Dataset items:
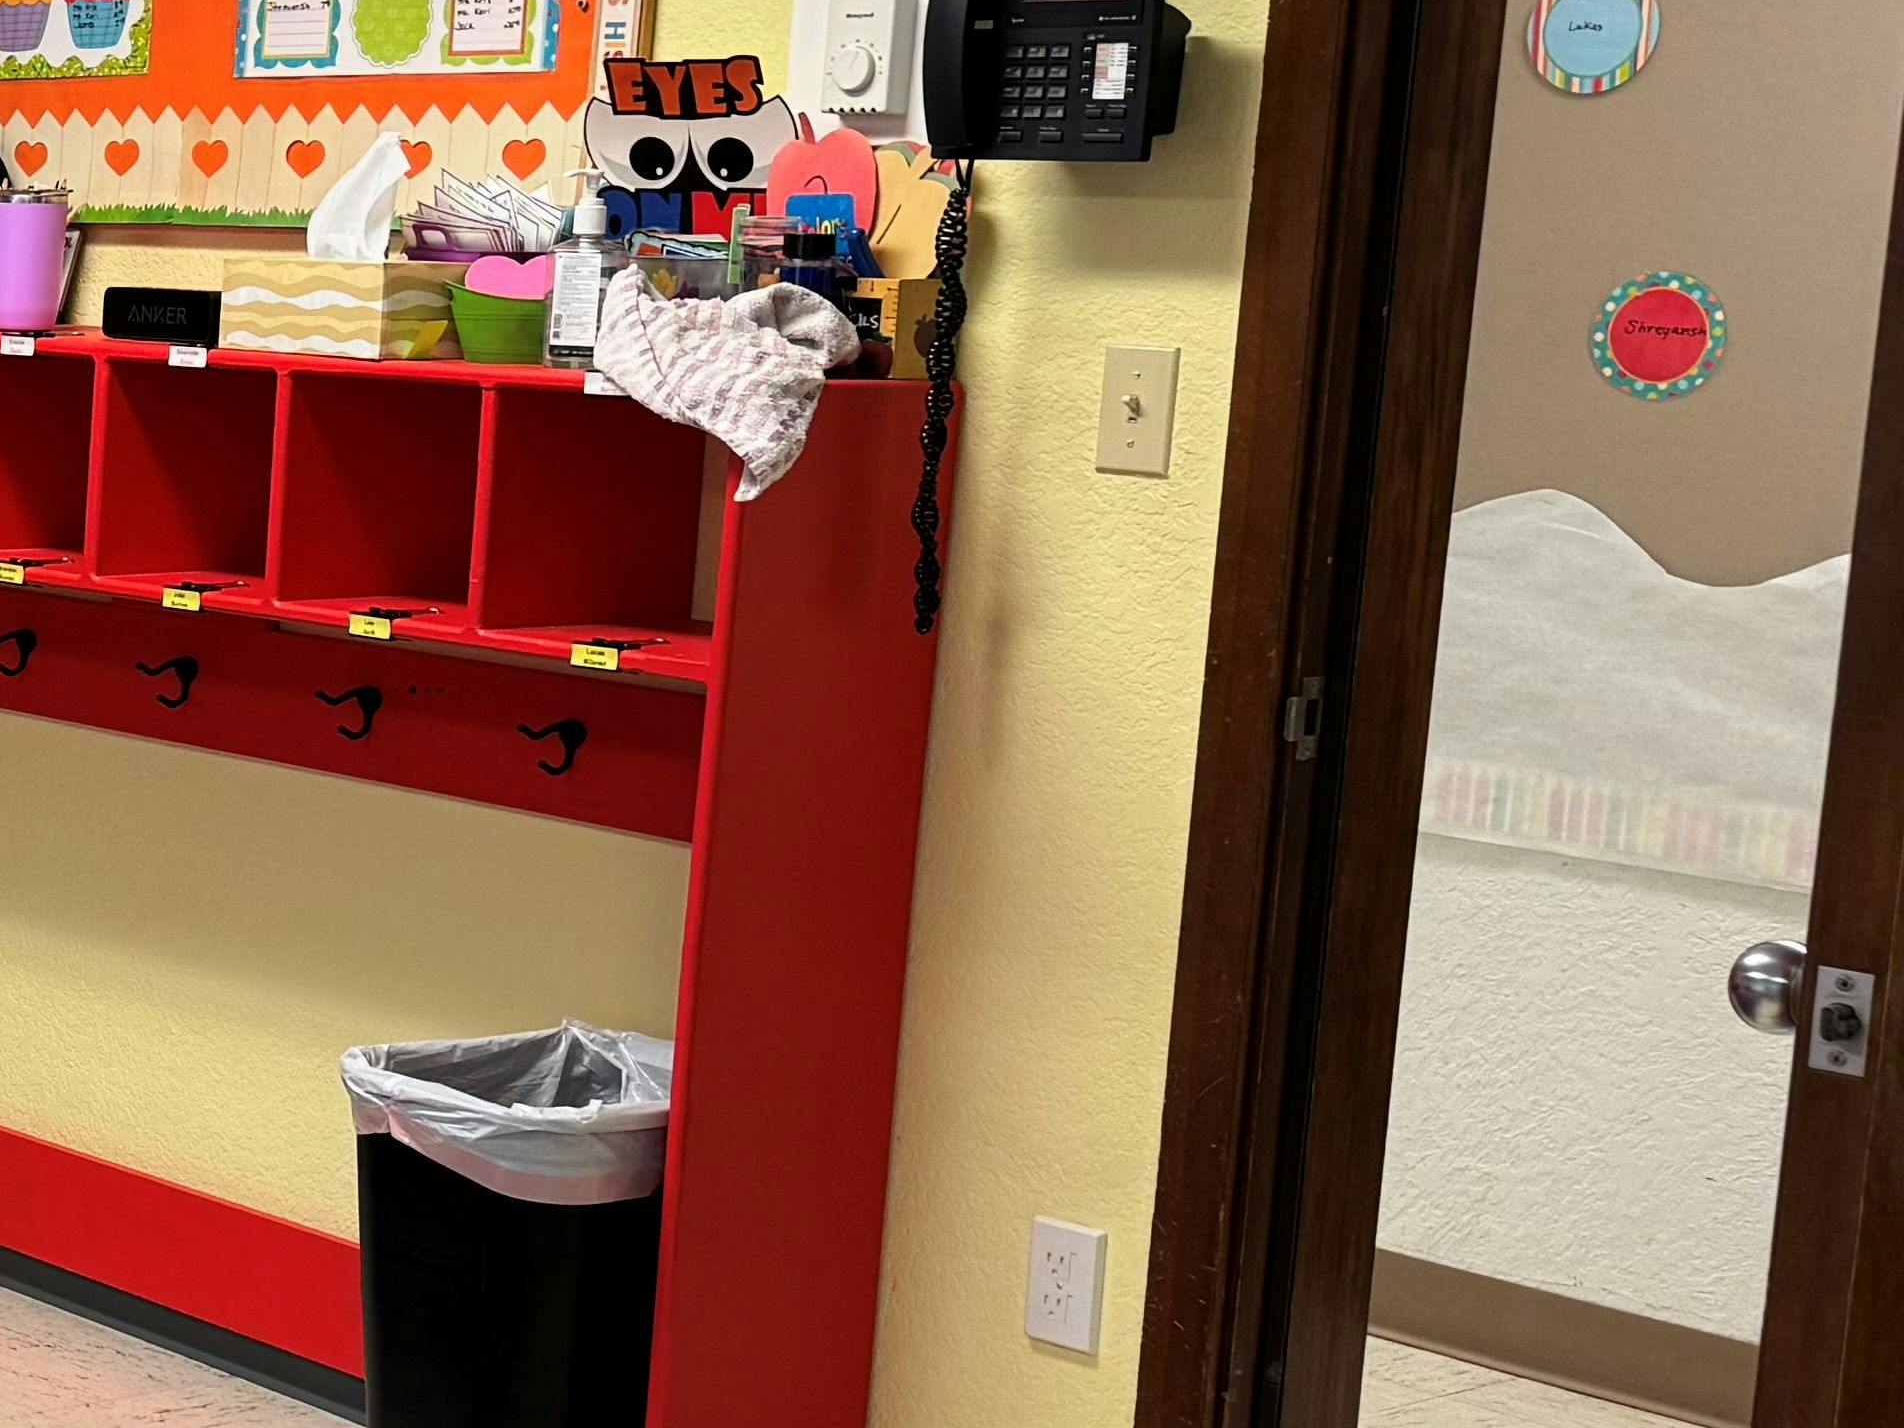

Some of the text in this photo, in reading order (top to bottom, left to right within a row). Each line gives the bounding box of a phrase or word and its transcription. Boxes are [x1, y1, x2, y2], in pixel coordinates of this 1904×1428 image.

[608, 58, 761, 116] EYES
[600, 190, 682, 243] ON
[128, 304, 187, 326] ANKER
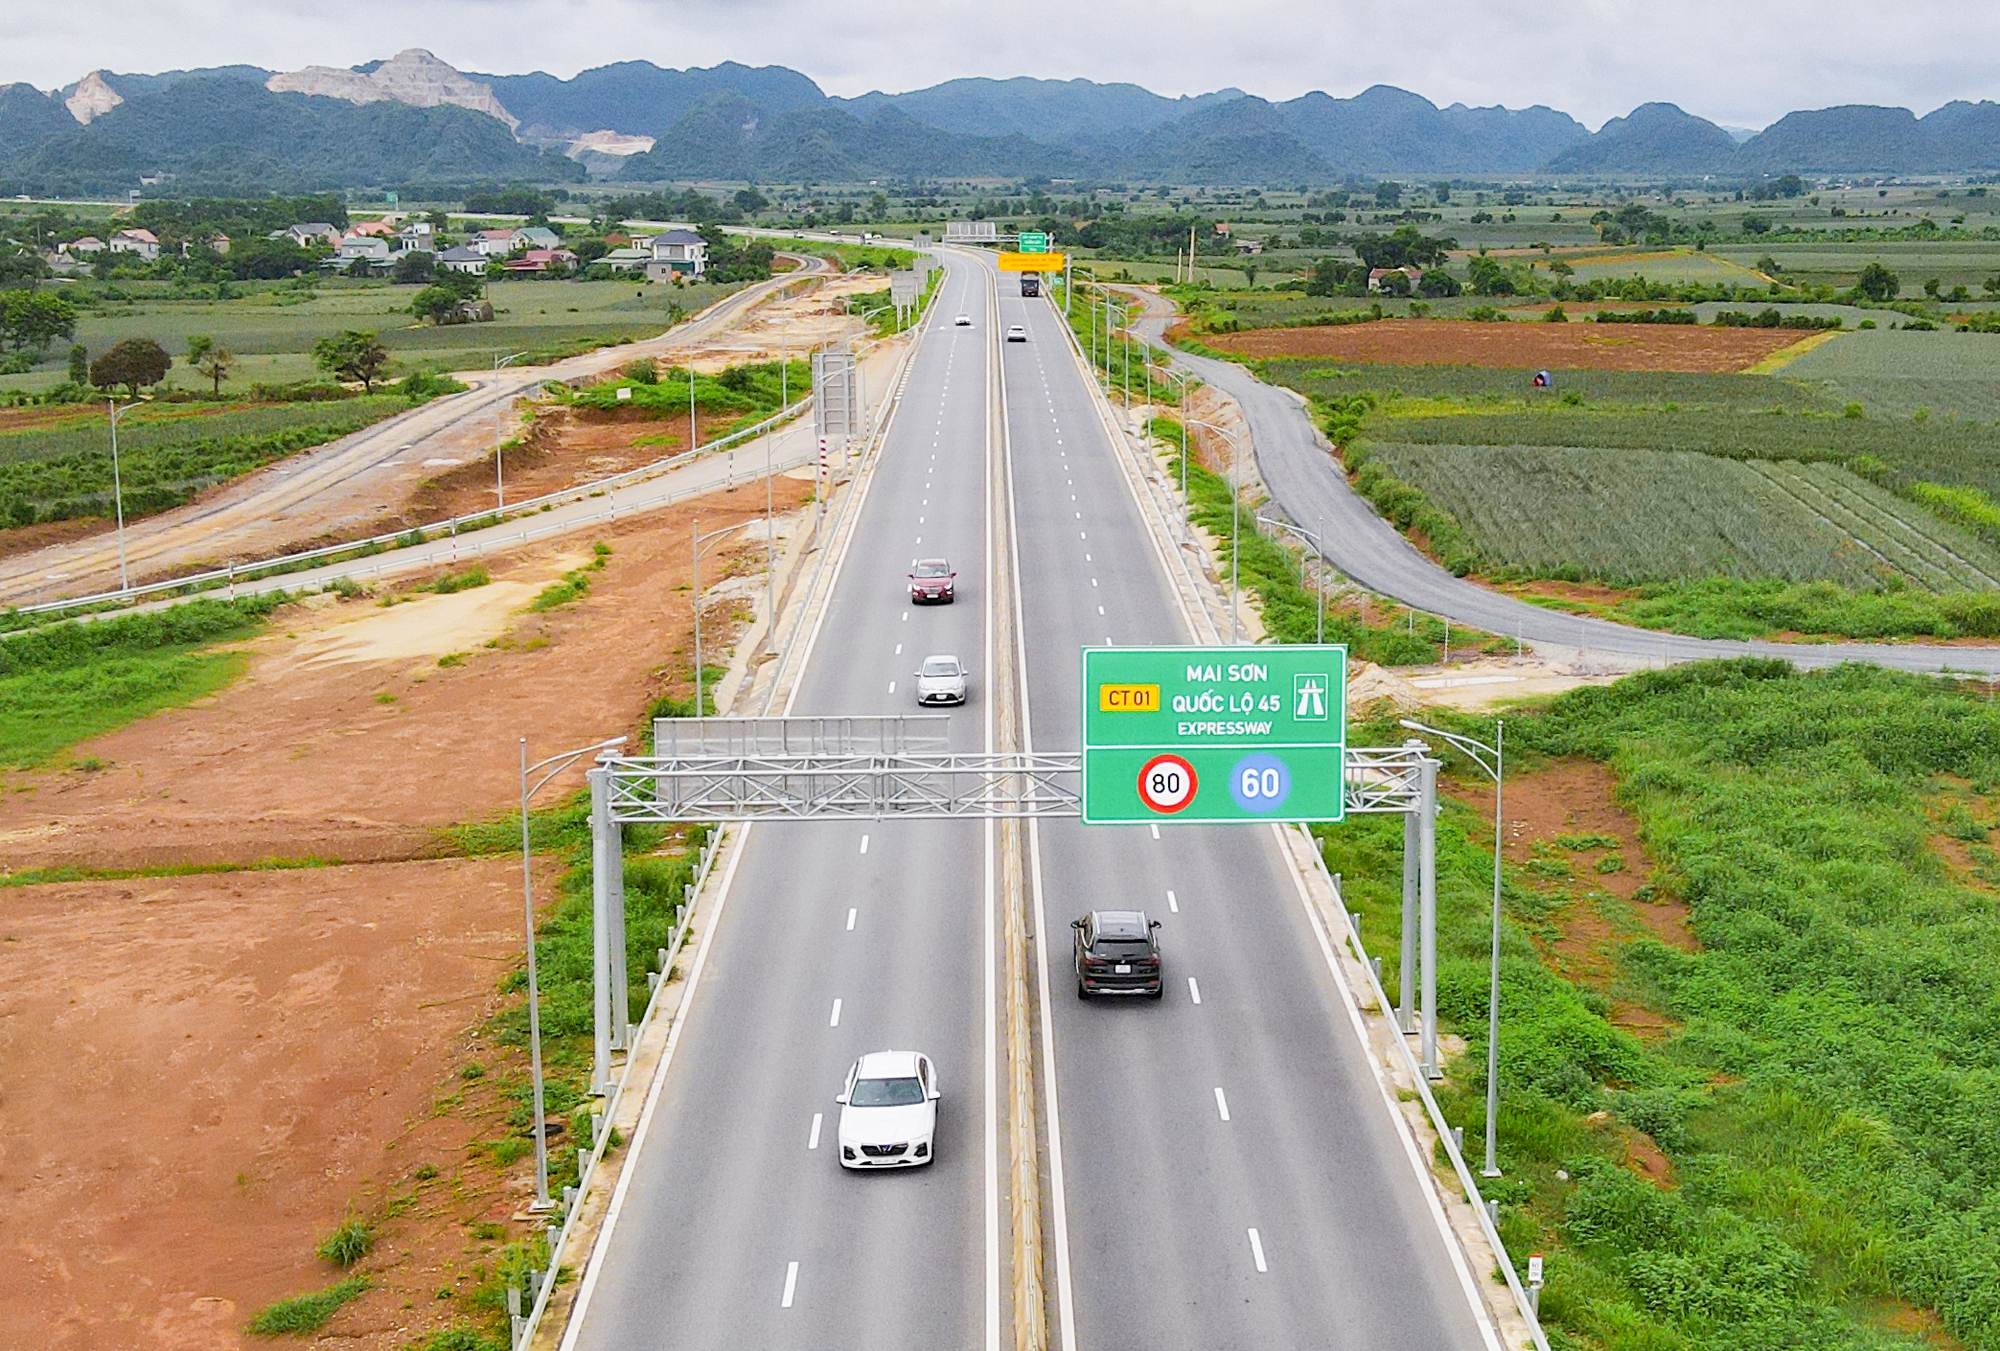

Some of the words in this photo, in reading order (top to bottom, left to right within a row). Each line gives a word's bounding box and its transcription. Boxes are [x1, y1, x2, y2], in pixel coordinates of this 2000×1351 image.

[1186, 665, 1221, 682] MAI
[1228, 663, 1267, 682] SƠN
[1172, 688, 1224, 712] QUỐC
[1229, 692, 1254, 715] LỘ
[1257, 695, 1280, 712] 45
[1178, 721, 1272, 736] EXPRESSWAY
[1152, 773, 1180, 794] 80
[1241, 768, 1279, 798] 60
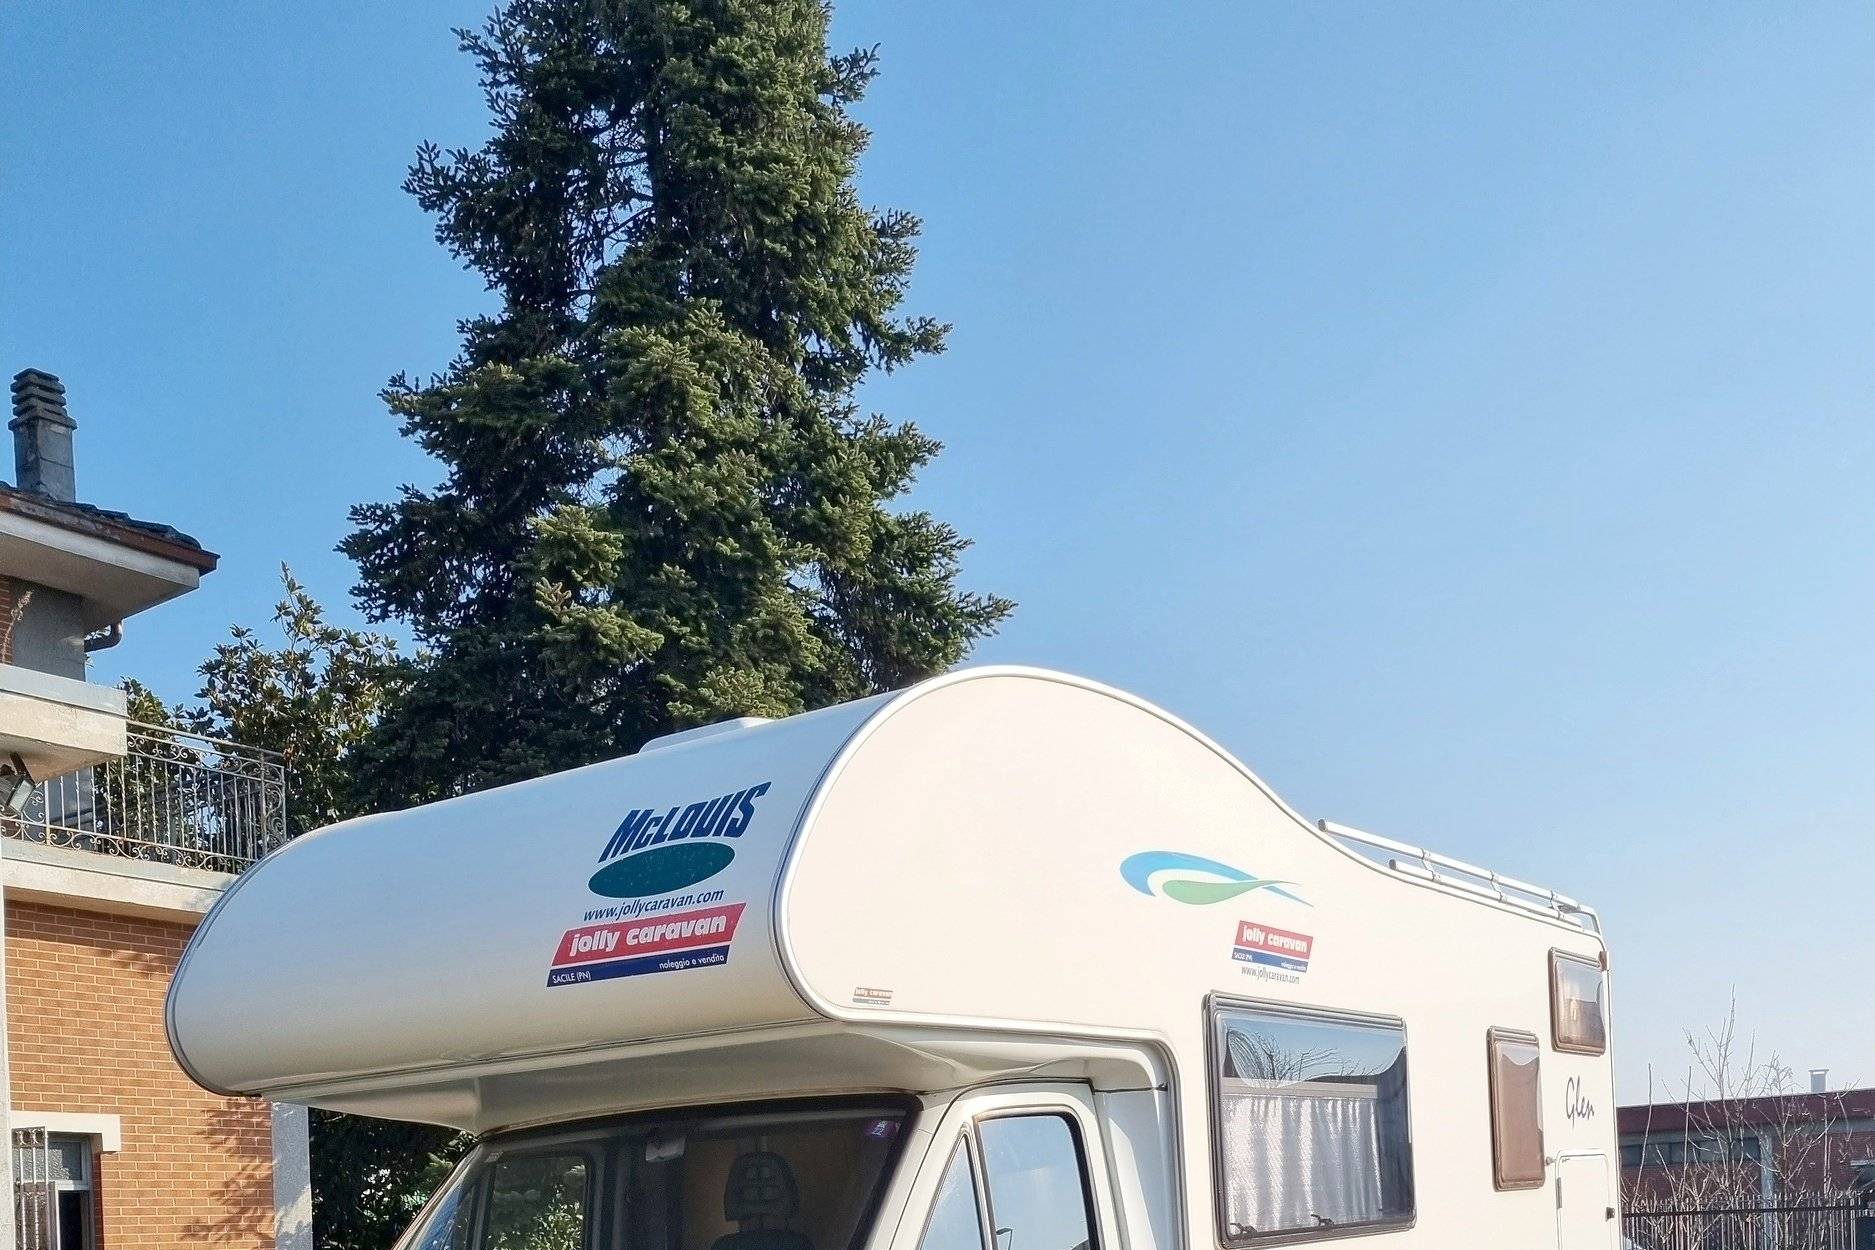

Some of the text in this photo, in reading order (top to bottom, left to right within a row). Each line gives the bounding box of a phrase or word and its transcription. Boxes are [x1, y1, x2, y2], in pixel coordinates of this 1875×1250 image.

**What the task asks:**
Could you write out every line above exactly as it stands, with no images?

**The answer:**
Some of the text in this photo, in reading order (top to bottom, left to right within a row). Each line gives the bounding box of a phrase or word and its transcription. Boxes are [x1, y1, x2, y2], in pixel coordinates of this 1904×1428 image.

[608, 58, 761, 116] EYES
[600, 190, 682, 243] ON
[128, 304, 187, 326] ANKER

Some of the words in this photo, in reading order (top to bottom, left to right within a row). Each line gives a word's bounding box and its transcription. Boxes are [x1, y1, x2, y2], in pixel coordinates of this 2000×1351 image.

[1186, 665, 1221, 682] MAI
[1228, 663, 1267, 682] SƠN
[1172, 688, 1224, 712] QUỐC
[1229, 692, 1254, 715] LỘ
[1257, 695, 1280, 712] 45
[1178, 721, 1272, 736] EXPRESSWAY
[1152, 773, 1180, 794] 80
[1241, 768, 1279, 798] 60

Some of the text in this photo, in reading order (top to bottom, left to right within a row). Each line gives the bounding box of a phrase or word and its transcription. Boxes are [x1, y1, x2, y2], in pixel coordinates of this 1875×1250 image.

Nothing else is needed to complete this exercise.